§ How to complete this task:
Everything in the records must be restated exactly, apart from the pictures.

§ Input:
============================================================
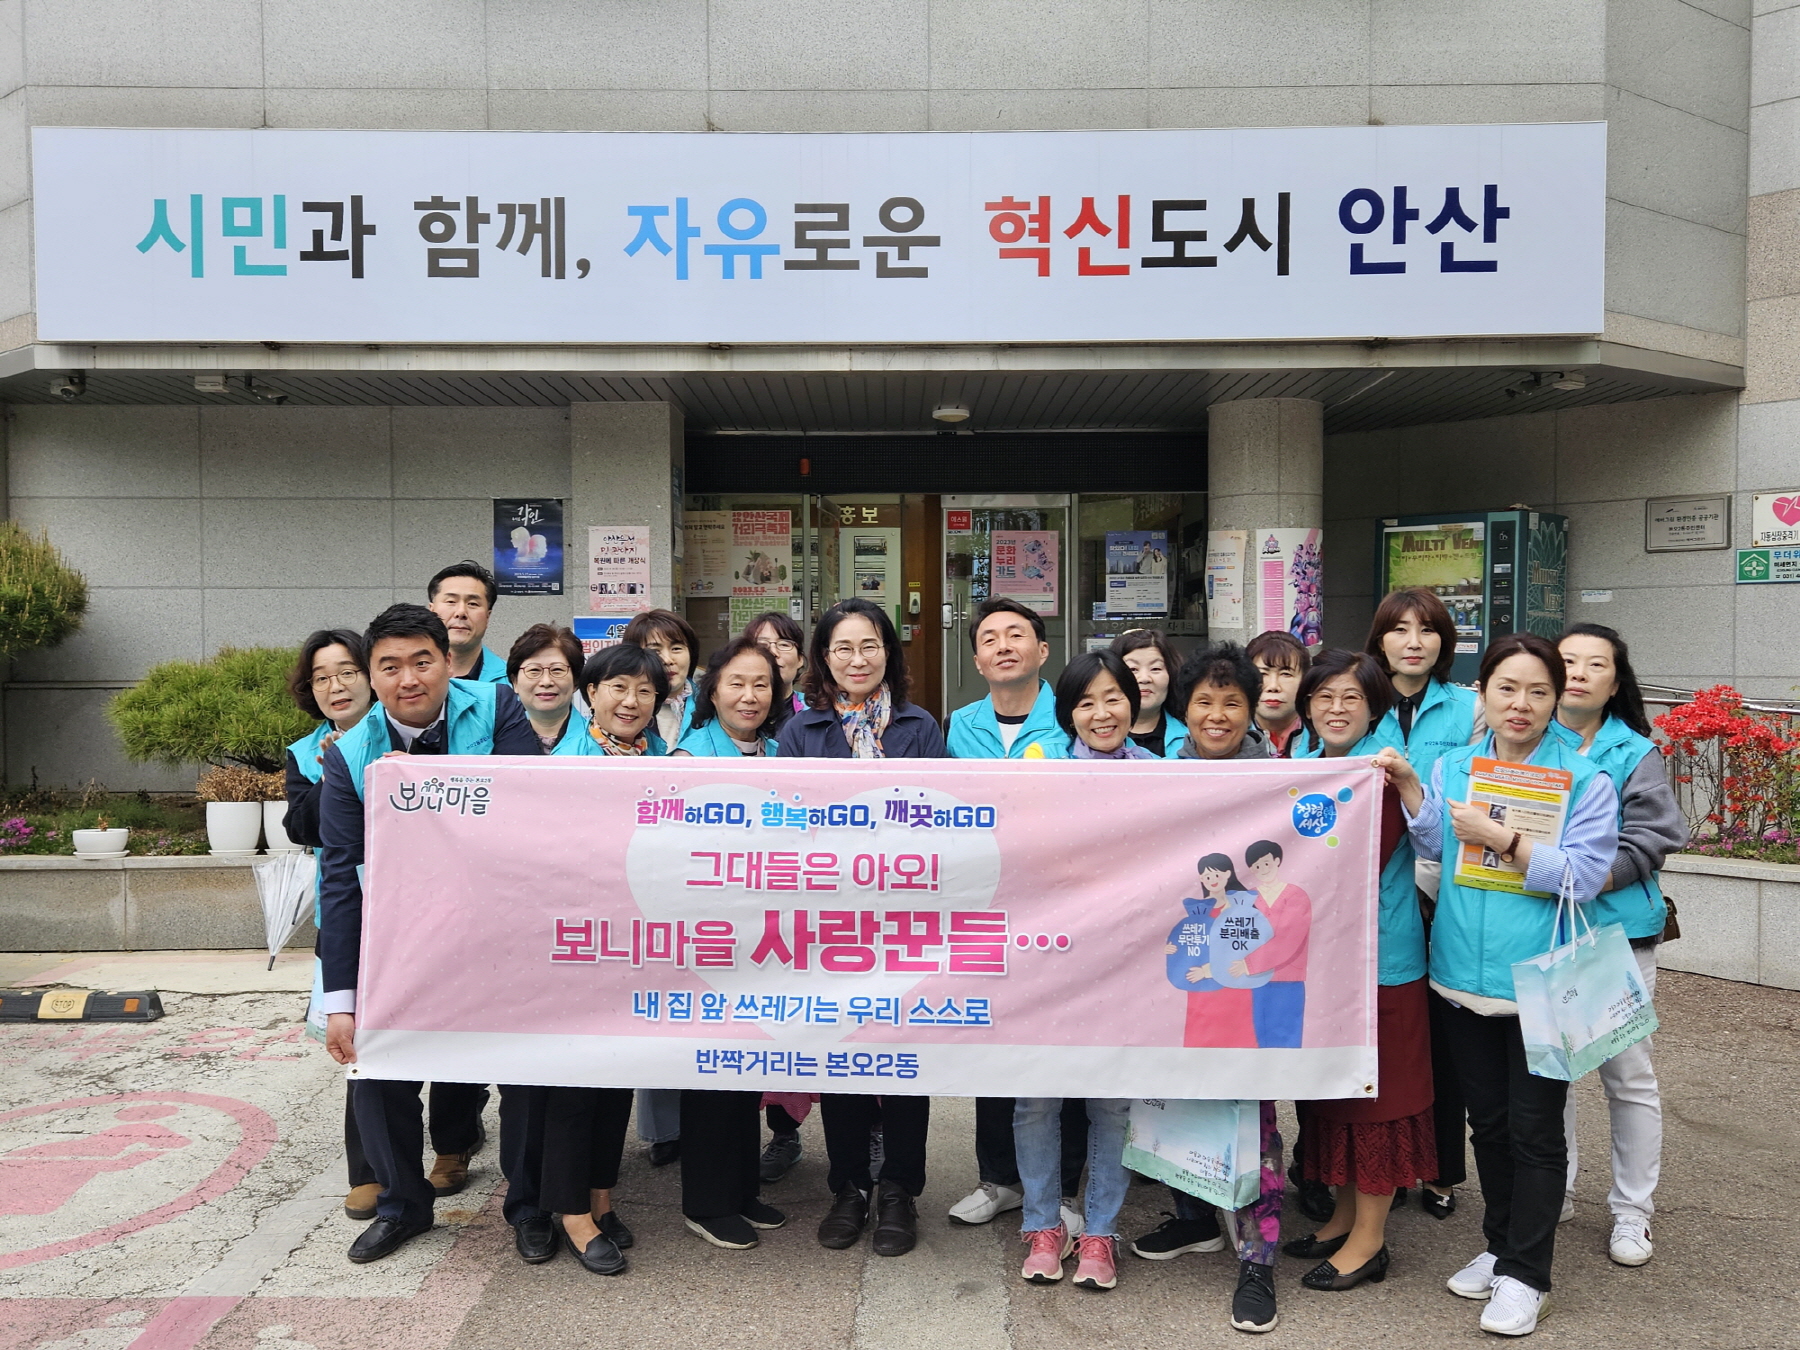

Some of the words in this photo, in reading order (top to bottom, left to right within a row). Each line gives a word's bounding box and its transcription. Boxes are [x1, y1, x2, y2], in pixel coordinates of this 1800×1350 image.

[136, 194, 376, 279] 시민과
[413, 196, 591, 280] 함께,
[623, 196, 941, 280] 자유로운
[984, 192, 1290, 277] 혁신도시
[1338, 184, 1510, 275] 안산
[1760, 530, 1799, 542] 자동심장충격기
[996, 546, 1017, 555] 문화
[996, 556, 1016, 566] 누리
[996, 566, 1016, 576] 카드
[389, 782, 490, 815] 보니마을
[636, 798, 754, 829] 함께하GO,
[761, 799, 877, 831] 행복하GO,
[883, 798, 997, 831] 깨끗하GO
[1299, 816, 1328, 834] 세상
[685, 850, 841, 892] 그대들은
[851, 852, 940, 893] 아오!
[1224, 917, 1255, 927] 쓰레기
[1182, 923, 1206, 935] 쓰레기
[1219, 928, 1260, 939] 분리배출
[550, 917, 739, 969] 보니마을
[1177, 935, 1209, 946] 무단투기
[1231, 940, 1248, 951] OK
[1187, 946, 1200, 956] NO
[54, 1000, 73, 1009] STOP
[631, 990, 662, 1020] 내
[667, 990, 693, 1021] 집
[699, 991, 727, 1022] 앞
[731, 992, 840, 1025] 쓰레기는
[846, 994, 900, 1026] 우리
[907, 996, 993, 1028] 스스로
[696, 1048, 819, 1078] 반짝거리는
[825, 1052, 920, 1080] 본오2동
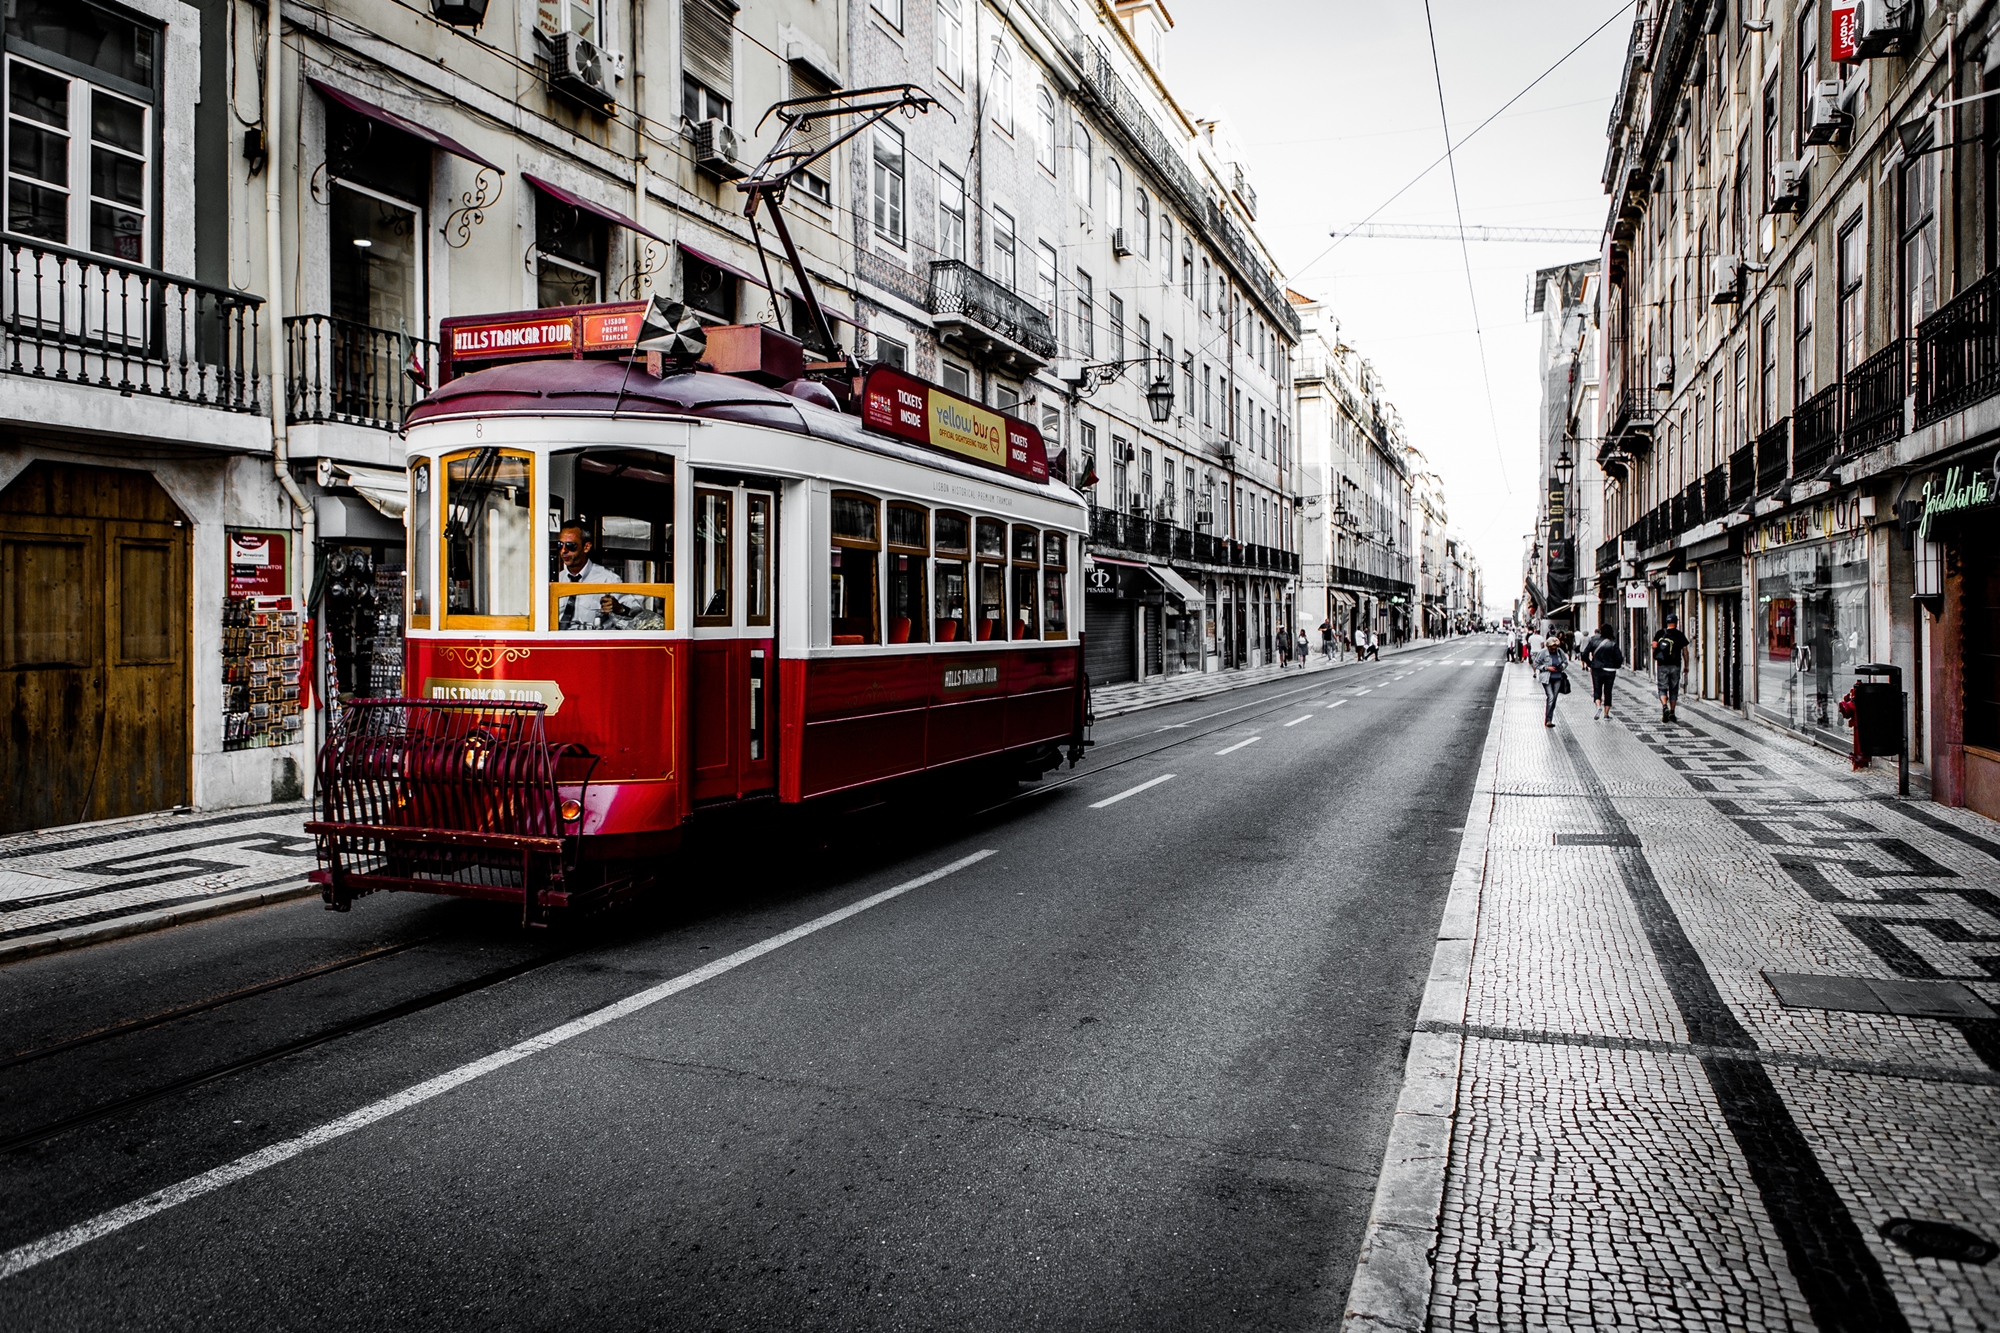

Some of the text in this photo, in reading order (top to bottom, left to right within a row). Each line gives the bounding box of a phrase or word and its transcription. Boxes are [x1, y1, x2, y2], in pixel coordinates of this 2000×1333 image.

[601, 325, 628, 334] PREMIUM
[604, 317, 626, 326] LISBON
[454, 324, 572, 350] HILLS TRAMCAR TOUR
[602, 333, 628, 342] TRAMCAR
[897, 389, 923, 410] TICKETS
[900, 408, 922, 428] INSIDE
[476, 422, 483, 439] 8
[972, 414, 989, 440] bus
[939, 428, 989, 452] OFFICIAL SIGHTSEEING TOURS
[1010, 432, 1028, 449] TICKETS
[1012, 448, 1027, 463] INSIDE
[945, 670, 962, 687] HILLS
============================================================
§ Output:
Some of the words in this photo, in reading order (top to bottom, left to right within a row). Each line gives a word's bounding box and its transcription. Boxes are [x1, y1, x2, y2], in pixel coordinates of this 1800×1350 image.

[136, 194, 376, 279] 시민과
[413, 196, 591, 280] 함께,
[623, 196, 941, 280] 자유로운
[984, 192, 1290, 277] 혁신도시
[1338, 184, 1510, 275] 안산
[1760, 530, 1799, 542] 자동심장충격기
[996, 546, 1017, 555] 문화
[996, 556, 1016, 566] 누리
[996, 566, 1016, 576] 카드
[389, 782, 490, 815] 보니마을
[636, 798, 754, 829] 함께하GO,
[761, 799, 877, 831] 행복하GO,
[883, 798, 997, 831] 깨끗하GO
[1299, 816, 1328, 834] 세상
[685, 850, 841, 892] 그대들은
[851, 852, 940, 893] 아오!
[1224, 917, 1255, 927] 쓰레기
[1182, 923, 1206, 935] 쓰레기
[1219, 928, 1260, 939] 분리배출
[550, 917, 739, 969] 보니마을
[1177, 935, 1209, 946] 무단투기
[1231, 940, 1248, 951] OK
[1187, 946, 1200, 956] NO
[54, 1000, 73, 1009] STOP
[631, 990, 662, 1020] 내
[667, 990, 693, 1021] 집
[699, 991, 727, 1022] 앞
[731, 992, 840, 1025] 쓰레기는
[846, 994, 900, 1026] 우리
[907, 996, 993, 1028] 스스로
[696, 1048, 819, 1078] 반짝거리는
[825, 1052, 920, 1080] 본오2동

Some of the text in this photo, in reading order (top to bottom, left to right within a row). Each line gives the bounding box of a phrase or word and its transcription. Boxes are [x1, y1, x2, y2], in pixel coordinates of this 2000×1333 image.

[601, 325, 628, 334] PREMIUM
[604, 317, 626, 326] LISBON
[454, 324, 572, 350] HILLS TRAMCAR TOUR
[602, 333, 628, 342] TRAMCAR
[897, 389, 923, 410] TICKETS
[900, 408, 922, 428] INSIDE
[476, 422, 483, 439] 8
[972, 414, 989, 440] bus
[939, 428, 989, 452] OFFICIAL SIGHTSEEING TOURS
[1010, 432, 1028, 449] TICKETS
[1012, 448, 1027, 463] INSIDE
[945, 670, 962, 687] HILLS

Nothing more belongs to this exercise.